Lifting a shoulder, I let it drop as I slow the car down. “Not all the time.”
“She’s not like that with Travis. And she definitely doesn’t act that way when I’m around her.”
Hitting my blinker, I turn onto the old country road that will take us to the Porter’s. “And she won’t. I think it’s just me who she gets a little crazy with. My dad thinks she just wants the bestfor me, but I feel like there’s some disappointment laced with competition, if that makes sense? Like she wanted me to follow in her footsteps, but because I’m a little more independent than that and I do things my way, she wants to go tit for tat sometimes.”
Jake’s quiet, but I can see him nodding his head out of the corner of my eye. “Parents are tricky, aren’t they?”
“Do you have something going on with your parents, too?”
He shakes his head. “My mother died when I was younger, and my dad has always worked hard to be here for me. Had two jobs to keep up on the bills and pay for my hockey lessons. But in working so hard, he built a wall of anxiety that has shown up as hoarding. He’s been in and out of therapy over the past two years for it.”
“Oh, wow,” I manage to say, my heart aching just hearing this. “I’m so sorry about that. How is he now?”
“He’s good, getting better each day. But he’s the one I do this for.” Jake gets quiet, and when I look out of the corner of my eye, I see he’s gazing out the window, watching the world go by. “I promised myself I’d be the one to take care of him, so now it’s my turn. I don’t want him to ever want for anything. I want him to feel as safe as he made me feel at a time when we were at our most vulnerable.”

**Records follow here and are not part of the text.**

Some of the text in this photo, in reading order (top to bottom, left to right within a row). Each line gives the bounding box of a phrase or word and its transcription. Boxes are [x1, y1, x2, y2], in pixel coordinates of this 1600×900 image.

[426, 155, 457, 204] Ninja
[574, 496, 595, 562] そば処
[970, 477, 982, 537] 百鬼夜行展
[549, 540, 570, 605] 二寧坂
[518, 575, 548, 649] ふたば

I stay quiet as he continues. “I think it’s why I respect and also appreciate your brother so much. He gets me, and he knows why I show up to the rink every day, why I want to do well at hockey. If I do well, I get paid doing what I love. And that means the people I love are taken care of.”
Jake stops talking abruptly before turning his body fully toward the passenger window. Getting the feeling he needs a minute to breathe, I take my cue and focus on the road ahead. He hasn’t said a lot, but what he has shared is big. Heavy. He’s carrying a load of his own, and if he isn’t careful, he could buckleunder the pressure. I don’t want to be the one to trip him up. In fact, the more I get to know him, the more I want to help him.

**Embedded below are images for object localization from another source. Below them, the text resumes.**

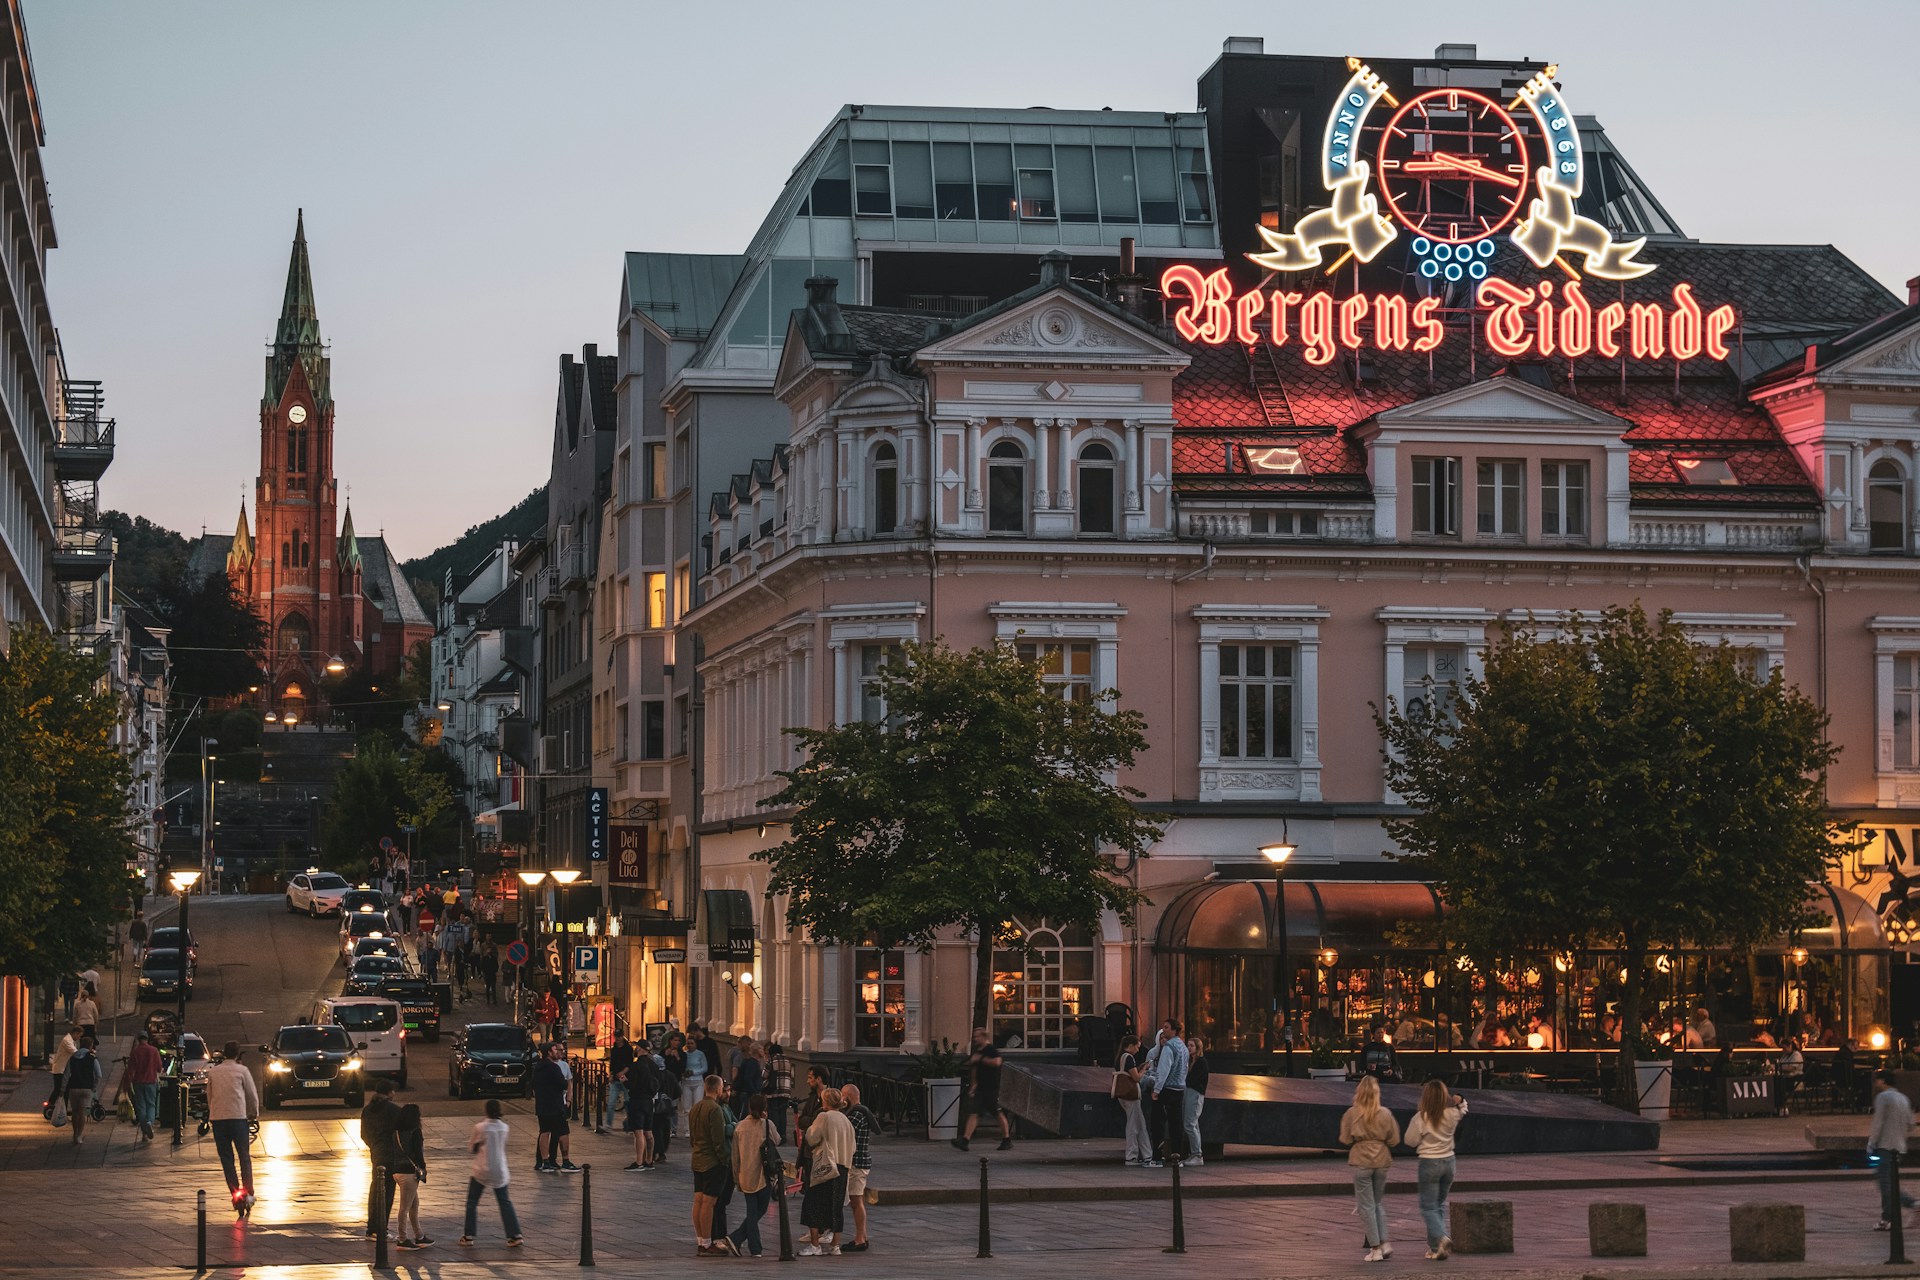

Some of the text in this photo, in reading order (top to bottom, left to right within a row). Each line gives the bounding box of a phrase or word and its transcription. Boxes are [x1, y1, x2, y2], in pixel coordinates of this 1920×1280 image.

[1331, 92, 1365, 167] ANNO
[1541, 98, 1577, 174] 1868
[1160, 264, 1735, 366] Bergens Tidende
[1435, 653, 1456, 671] ak
[591, 791, 601, 859] ACTICO
[620, 831, 638, 848] Deli
[625, 852, 634, 862] de
[619, 860, 639, 877] Luca
[730, 939, 752, 949] MM
[580, 949, 594, 968] P
[1732, 1081, 1768, 1099] MM

Sighing, I turn up the volume on the radio and sit back, thinking about Jake’s father, going through hoarding as a result of his anxiety after the love of his life passed away. But the lengths he went to for his son? Amazing.

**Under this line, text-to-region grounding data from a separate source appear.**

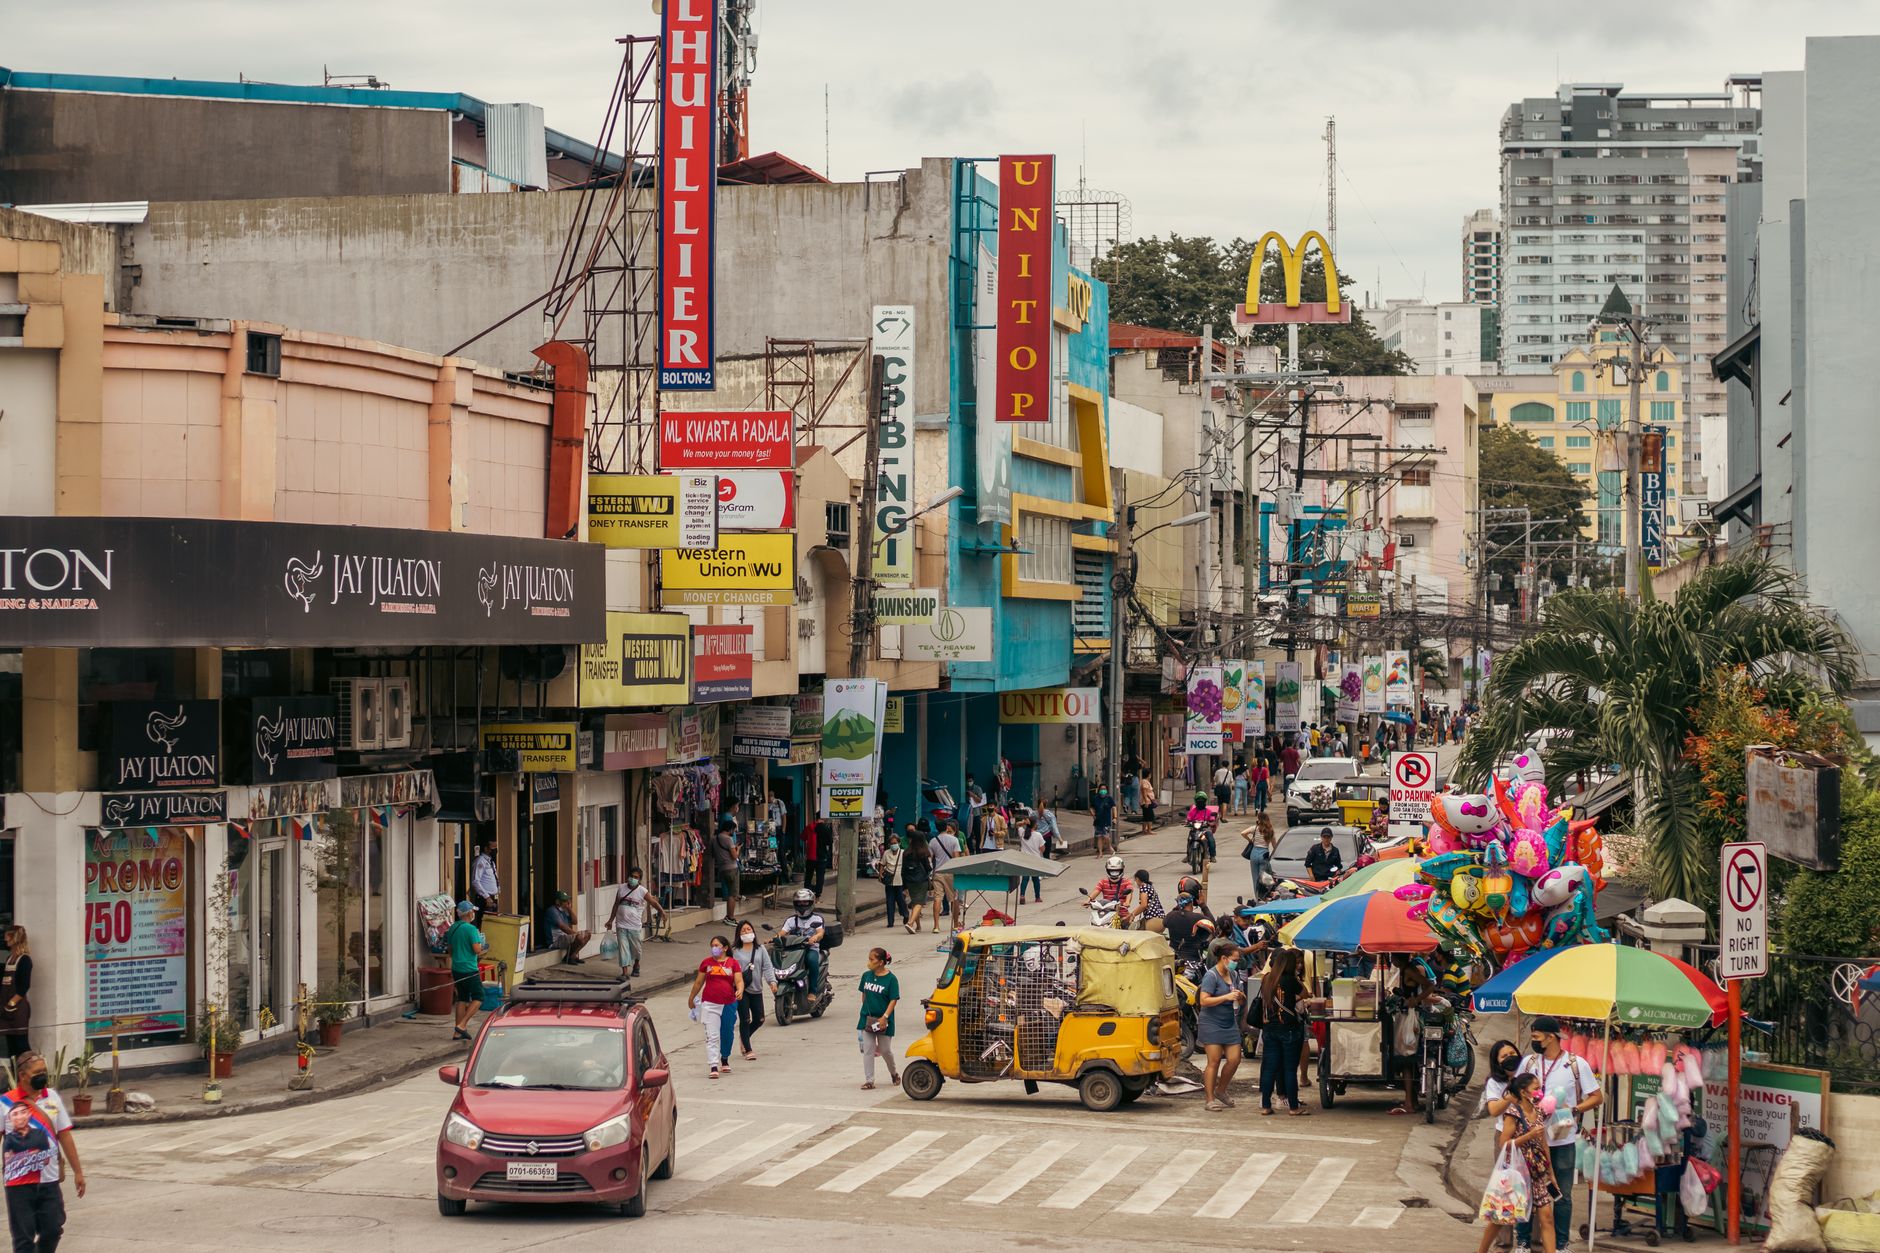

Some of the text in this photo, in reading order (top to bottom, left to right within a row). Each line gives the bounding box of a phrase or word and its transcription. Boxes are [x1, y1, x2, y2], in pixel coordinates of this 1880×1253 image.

[1009, 161, 1043, 417] UNITOP
[663, 371, 712, 385] BOLTON-2
[664, 418, 790, 444] ML KWARTA PADALA
[683, 448, 772, 460] We move your money fast!
[596, 505, 633, 513] UNION
[638, 496, 669, 513] WU
[687, 504, 709, 512] money
[589, 519, 669, 528] ONEY TRANSFER
[686, 533, 711, 541] loading
[676, 549, 746, 561] Western
[699, 562, 782, 577] Union WU
[331, 553, 441, 606] JAY JUATON
[501, 564, 574, 610] JAY JUATON
[40, 598, 99, 609] NAILSPA
[683, 592, 774, 603] MONEY CHANGER
[584, 643, 608, 658] MONEY
[624, 639, 684, 680] WESTERN WU
[584, 660, 619, 680] TRANSFER
[635, 659, 660, 680] UNION
[1000, 692, 1098, 718] UNITOP
[284, 716, 336, 747] JAY JUATON
[539, 734, 567, 750] WU
[742, 737, 781, 747] MEN'S JEWELRY
[1190, 740, 1218, 749] NCCC
[522, 754, 567, 763] TRANSFER
[734, 744, 750, 755] GOLD
[750, 745, 772, 757] REPAIR
[771, 747, 789, 758] SHOP
[118, 754, 216, 785] JAY JUATON
[831, 788, 863, 796] BOYSEN
[1391, 789, 1435, 802] NO PARKING
[140, 795, 223, 820] JAY JUATON
[85, 857, 184, 894] PROMO
[1737, 917, 1752, 932] NO
[1729, 936, 1760, 952] RIGHT
[1730, 955, 1758, 971] TURN
[1642, 1008, 1698, 1022] MICROMATIC
[1637, 1083, 1656, 1092] DAPAT
[1705, 1083, 1793, 1106] WANING!
[1706, 1099, 1720, 1110] Do
[1740, 1106, 1764, 1117] eave
[1766, 1107, 1787, 1120] your
[1743, 1115, 1774, 1130] Penalty:
[1757, 1132, 1767, 1141] or
[509, 1167, 555, 1176] 0701-663693

I look at Jake; he’s turned back around and facing the right way, his eyes closed. Within a matter of minutes, I’m tapping his leg and pointing to a driveaway ahead of us.
”We’re here,” I say as I hit the brakes and maneuver the car up the long entrance to the Porter Farm. Not going to lie, though. I’d like to keep on driving so we can keep on talking, because there’s more to this hulk of a man than meets the eye.
NINE
Riley
“When I was a little girl, we came out here every weekend to see the Porters.” Getting out of the car, I look around at the familiar turf and can’t help but grin. I’ve had some of my best summer weekends at this place.
I point to a large orchard toward the back of the property, just behind a large barn. “That’s the truffle orchard. Mary, she’s the matron of the family, specializes in growing them here. She started farming truffles about ten years ago. Someone my dad knows introduced her to the idea of planting loblolly pine seedlings, with inoculations of truffles, and before you knew it they were in business and became one of the first white truffle farms in North Carolina.”
Jake stands with his hands in his pockets looking around beside me. He nods his head toward the open barn door. There’s a country song spilling out and someone is singing off-key. “Is that where your friends are?”
“That wounded animal is probably Levi.” I flick a hand over my shoulder and head toward the building. “Follow me.”
Swinging the barn door open to its full potential, a wave of excitement washes over me. The converted space is one of my favorite things about the farm.
The rustic charm of the barn has been preserved, with exposed wooden beams overhead and the faint scent of hay lingering in the air. But instead of housing livestock, it’s been transformed into a vibrant workspace that exudes creativity and fun.